# [TASK PROMPT]
Only the pictures should be dropped; copy the rest of the entries exactly.

# [GIVEN DATA]
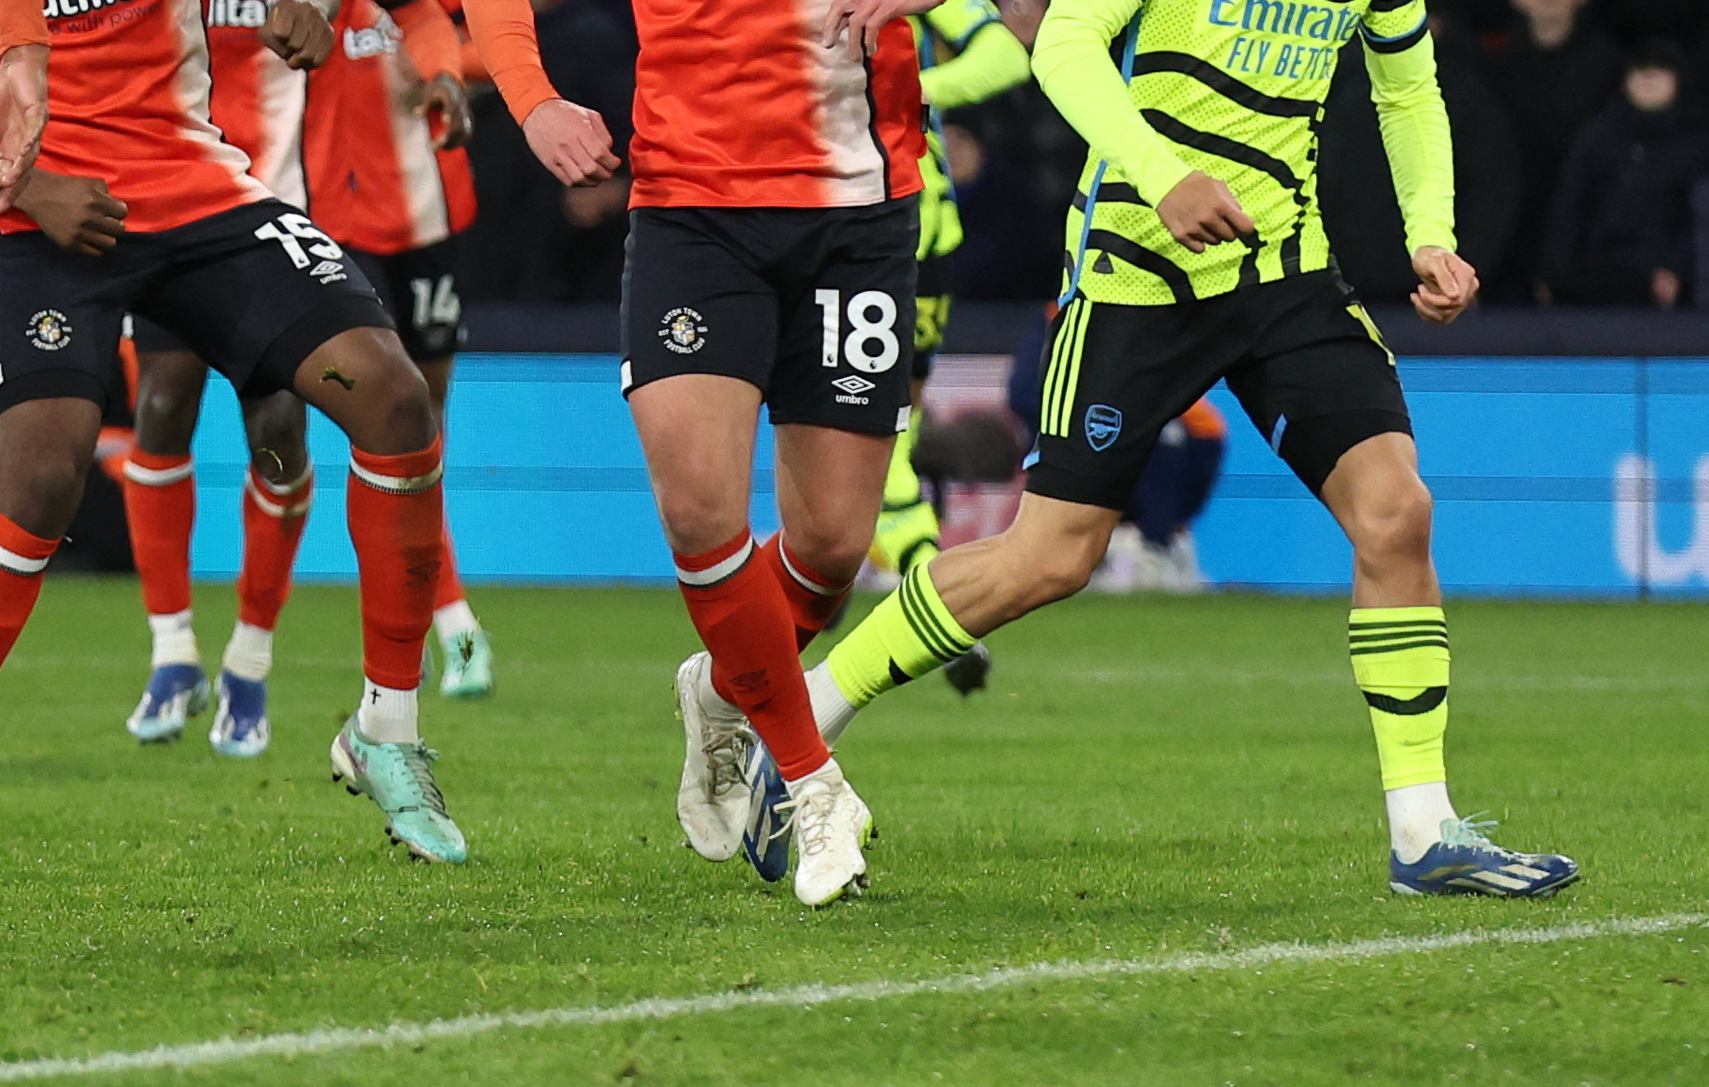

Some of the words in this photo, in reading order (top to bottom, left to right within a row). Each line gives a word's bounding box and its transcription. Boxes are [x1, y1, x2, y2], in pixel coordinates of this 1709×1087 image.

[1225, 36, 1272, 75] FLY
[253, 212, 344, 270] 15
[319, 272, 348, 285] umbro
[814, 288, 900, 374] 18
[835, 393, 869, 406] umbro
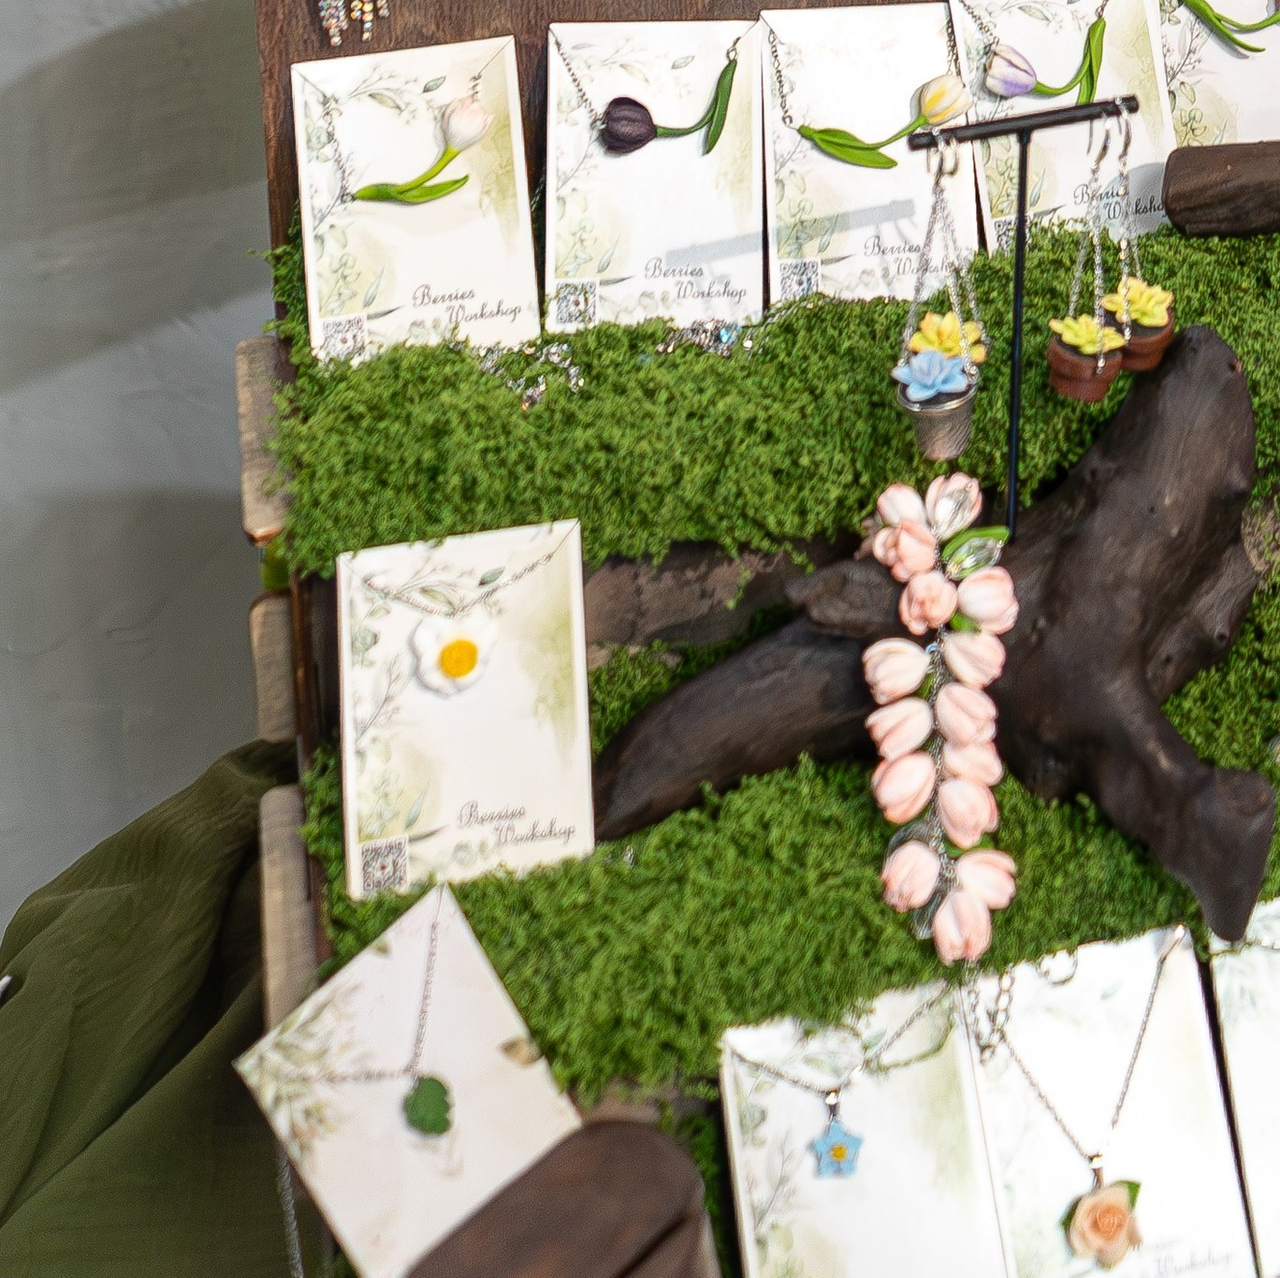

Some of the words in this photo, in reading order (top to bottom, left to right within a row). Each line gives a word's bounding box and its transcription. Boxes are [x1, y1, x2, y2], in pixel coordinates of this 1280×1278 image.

# [OUTPUT]
Some of the words in this photo, in reading order (top to bottom, left to right within a row). Each line gives a word's bounding box and its transcription. Boxes are [x1, y1, x2, y2], in pixel coordinates of this 1709×1087 image.

[1225, 36, 1272, 75] FLY
[253, 212, 344, 270] 15
[319, 272, 348, 285] umbro
[814, 288, 900, 374] 18
[835, 393, 869, 406] umbro

Some of the words in this photo, in reading order (top to bottom, left to right within a row). Each line gives a word's bounding box and its transcription. Boxes are [x1, y1, x2, y2], in pixel coordinates of this 1280×1278 image.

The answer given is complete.